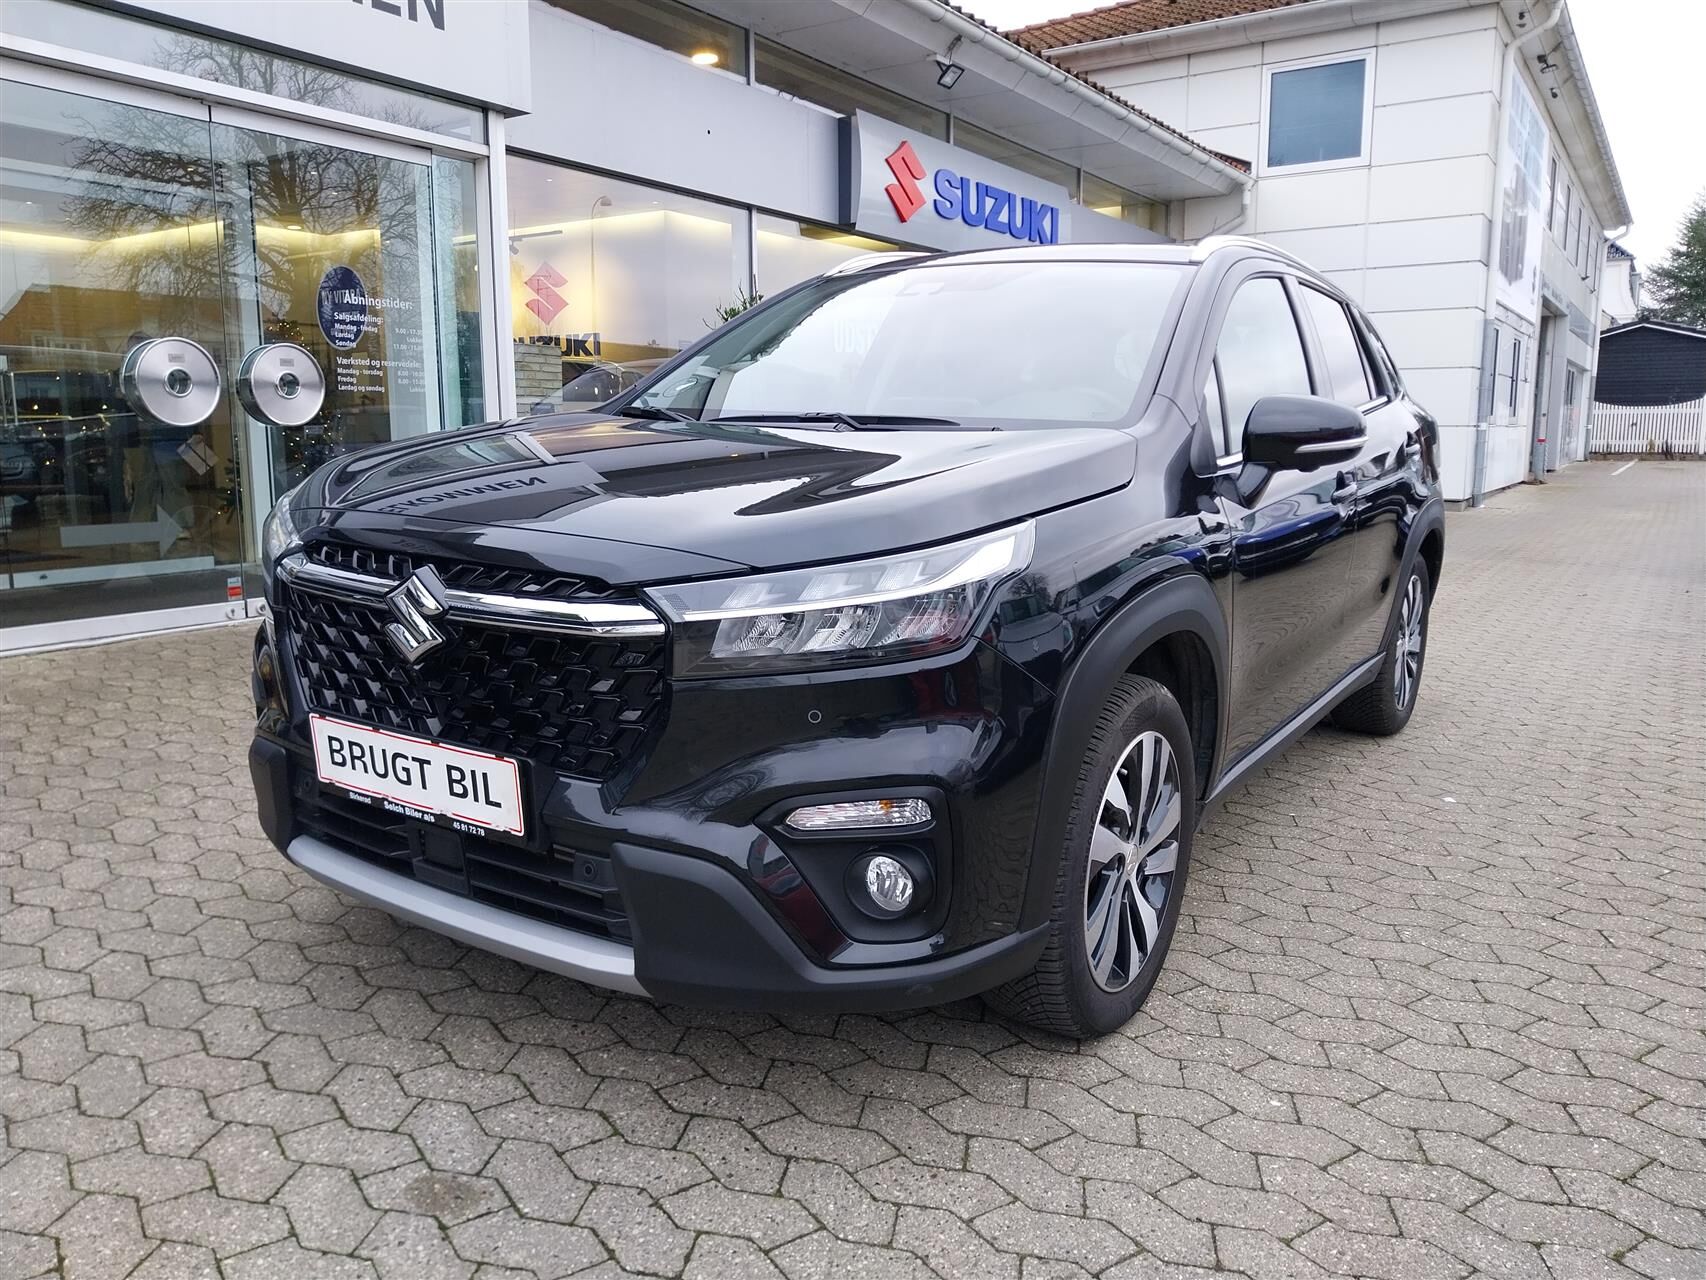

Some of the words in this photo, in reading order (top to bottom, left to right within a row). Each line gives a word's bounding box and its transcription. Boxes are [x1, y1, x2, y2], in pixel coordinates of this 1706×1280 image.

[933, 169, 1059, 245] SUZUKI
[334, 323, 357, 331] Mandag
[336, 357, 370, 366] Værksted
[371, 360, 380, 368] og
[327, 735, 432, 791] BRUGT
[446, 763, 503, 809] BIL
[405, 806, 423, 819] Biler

[WHAT IS BEING ASKED]:
Will you set down the records word for word while leaving out every picture?

[ANSWER TO THIS EXERCISE]:
Some of the words in this photo, in reading order (top to bottom, left to right within a row). Each line gives a word's bounding box and its transcription. Boxes are [x1, y1, x2, y2], in pixel coordinates of this 1706×1280 image.

[933, 169, 1059, 245] SUZUKI
[334, 323, 357, 331] Mandag
[336, 357, 370, 366] Værksted
[371, 360, 380, 368] og
[327, 735, 432, 791] BRUGT
[446, 763, 503, 809] BIL
[405, 806, 423, 819] Biler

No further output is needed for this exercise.